In the fourth quarter, the Data Center Group had sales of $2.83 billion, up 4 percent from 2012's numbers and up 7 percent sequentially. The Sandy Bridge ramp up was rolling along, Otellini noted.

The overall volume of chips and chipsets was fairly flat sequentially and actually down from a year ago, but average selling prices for server, storage, and switch chips were up 5 percent from a year ago, as the mix shifted towards higher priced SKUs and, interestingly enough, a pretty good uptake of MP products, which is Intel shorthand for servers with more than two processors.

The Data Center Group posted $1.33 billion in operating income, which was down 8.5 percent. For the year, the Data Center Group had $10.7 billion in revenues, up 6 percent, and posted $5.07 billion in operating income, down a half point.

For the full year, chip volumes were off 1 percent but ASPs were up 4 percent. In his CFO commentary, Smith said that a richer mix of chip sales in the data center as well as "significant growth" in cloud server sales was partially offset by weakness in the enterprise server market.

Looking ahead, Smith said that Intel would return to double digit growth in 2013, helped no doubt in part by the Ivy Bridge CPU coming in the second half of 2013.

Intel is looking for low single digit growth for the year in the PC Client Group, which makes chips and chipsets for anything that is not in the data center or in an embedded device. This would be driven by the Haswell ramp for PCs during the first half of the year and extending out from there.


Smith added that Intel was qualifying Haswell for sale during the current quarter (meaning Q1 2013) and that it had already done some writeoffs in November 2012 relating to early production runs on Haswell.

In the fourth quarter, the PC Client Group booked $8.51 billion in sales, down 6 percent, and its operating income was $2.82 billion, down a much steeper 19.6 percent. Intel said that OEM customers who build PCs were reducing chip inventories, and Intel took some actions in the fourth quarter to rebalance its manufacturing capacity to ramp up 14 nanometer processes, which will be used for the "Broadwell" family of PC chips in 2014.

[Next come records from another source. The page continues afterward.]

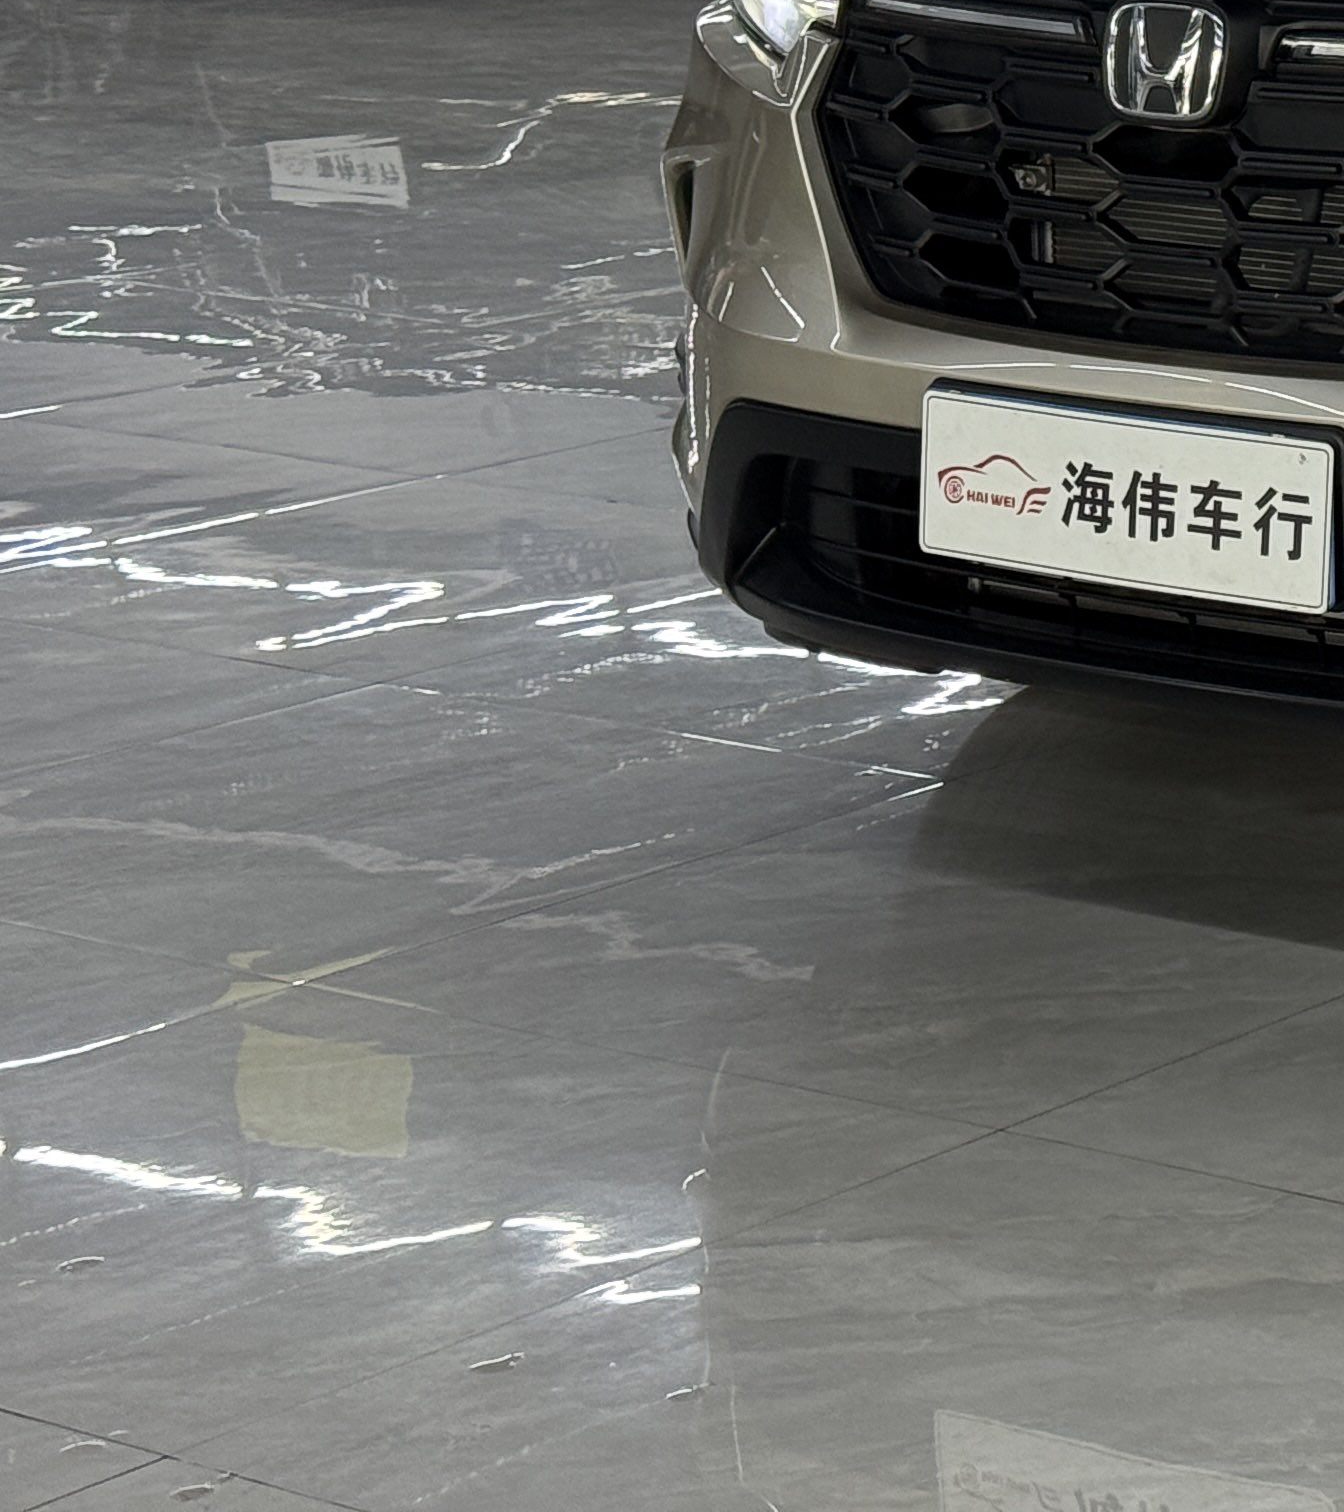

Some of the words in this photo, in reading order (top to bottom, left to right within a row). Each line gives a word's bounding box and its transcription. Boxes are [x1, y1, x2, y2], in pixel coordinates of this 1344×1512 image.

[991, 492, 1016, 510] WEI
[1061, 460, 1314, 561] 海伟车行
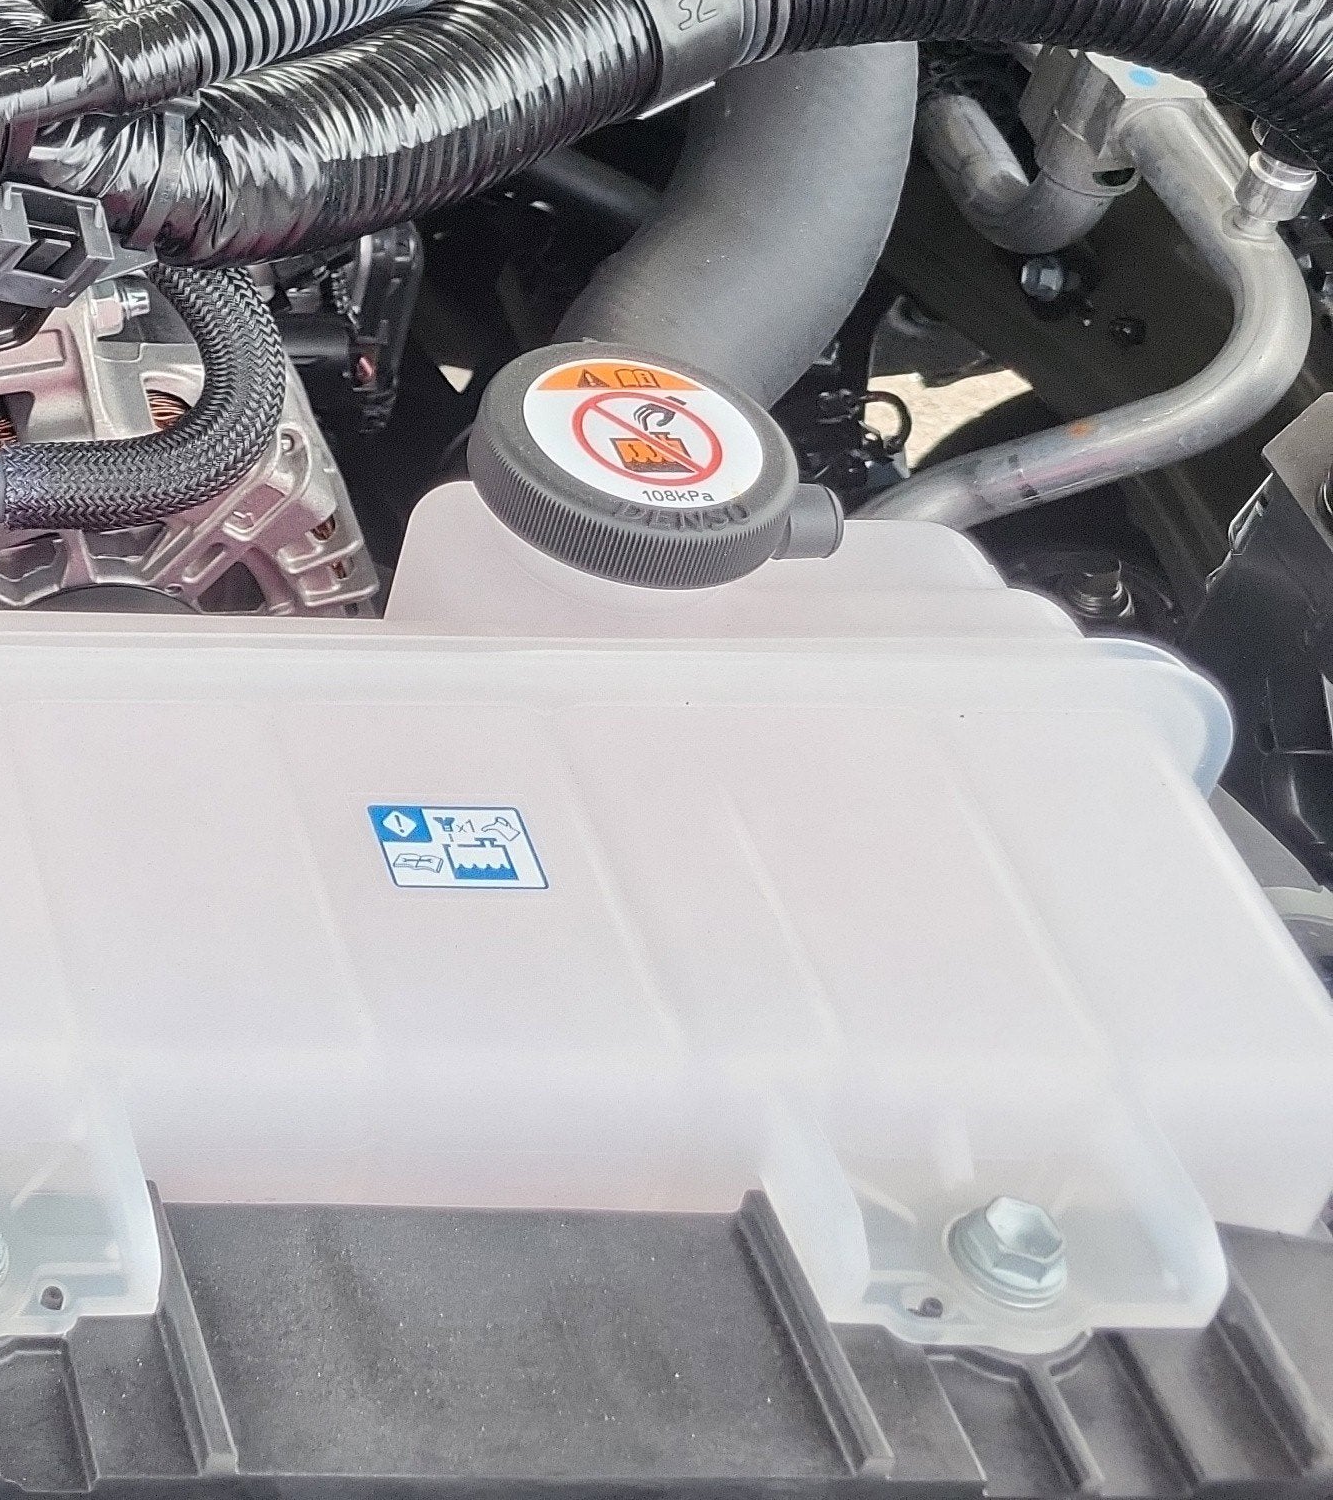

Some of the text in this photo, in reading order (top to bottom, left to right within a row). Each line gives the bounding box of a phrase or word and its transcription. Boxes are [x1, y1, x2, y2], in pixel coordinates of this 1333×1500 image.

[641, 489, 715, 503] 108kPa
[617, 500, 752, 532] DENSO
[455, 818, 475, 833] x1

But no matter how you look at this, PC chip volumes were down 6.2 percent and ASPs were flat in Q4 2012. For the full year, the PC Client Group saw volumes drop one point and ASPs fell 2 points, so it's no surprise that revenues were down 3 points to $34.3 billion.

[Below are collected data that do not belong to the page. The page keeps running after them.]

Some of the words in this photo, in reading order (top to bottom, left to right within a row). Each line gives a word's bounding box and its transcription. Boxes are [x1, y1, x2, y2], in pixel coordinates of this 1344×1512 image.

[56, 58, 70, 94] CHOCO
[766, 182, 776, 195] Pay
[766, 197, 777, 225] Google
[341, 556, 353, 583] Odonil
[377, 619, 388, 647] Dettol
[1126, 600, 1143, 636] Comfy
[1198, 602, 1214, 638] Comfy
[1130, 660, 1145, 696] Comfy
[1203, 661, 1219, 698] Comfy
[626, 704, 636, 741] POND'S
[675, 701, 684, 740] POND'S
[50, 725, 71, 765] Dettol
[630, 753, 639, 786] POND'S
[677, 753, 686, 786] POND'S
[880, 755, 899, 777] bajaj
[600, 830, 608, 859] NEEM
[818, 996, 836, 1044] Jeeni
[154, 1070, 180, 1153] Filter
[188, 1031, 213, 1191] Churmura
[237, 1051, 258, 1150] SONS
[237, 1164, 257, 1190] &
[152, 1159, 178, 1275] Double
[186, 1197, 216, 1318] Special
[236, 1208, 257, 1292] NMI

Interestingly, notebook PC chip ASPs were off 6 percent, while desktop PC chip ASPs were up 4 percent year on year. Operating income for the PC Client Group fell 11.8 per cent to $13.1 billion.

In other IT news

Fusion-io is trying the concept of all-flash servers for HPC and other large scale data center applications that need one-hundred or more storage servers, and has now made available its 1,000+ server hyperscale flash technology.

The ioScale PCIe cards scale from 410 GB, doubling through 825 GB, 1.65 TB on to 3.2 TB and use Fusion's workstation ioFX card technology in a much simplified manner.

But you'll need to buy at least one-hundred units at a time. The largest 3.2 TB drives will cost you $3.89 per gigabyte, with discounts on volume pricing, but once the 2nm NAND versions are out, that price could drop by at least fifty percent or more.

The new cards have a single controller and use commercial grade 2nm two-bit multi-level cell (MLC) flash, not enterprise grade (eMLC).

The card controller includes FlashBack protection and self-healing functions to better deal with issues and avoid a problem.

What stands out with the new cards is that the random write performance is better than the random read performance, a reversal of the usual pattern.

Fusion-io CEO David Flynn continued on the hyperscale idea, saying that OEM partners like Cisco, Dell, HP, NetApp and tier 2 OEMs like SuperMicro have been selling Fusion-io flash cards into the enterprise market.

"We have seen these these OEM products bleed over into the workstation market and introduced the ioFX," said a SuperMicro representative.

Fusion-io has been working the hyperscale customer segment with operators of large data centres. For such large-scale operations, with thousands of standardized servers, the service unit is the server itself-- if it fails it's just switched off. If a rack of them fail, the rack gets switched off.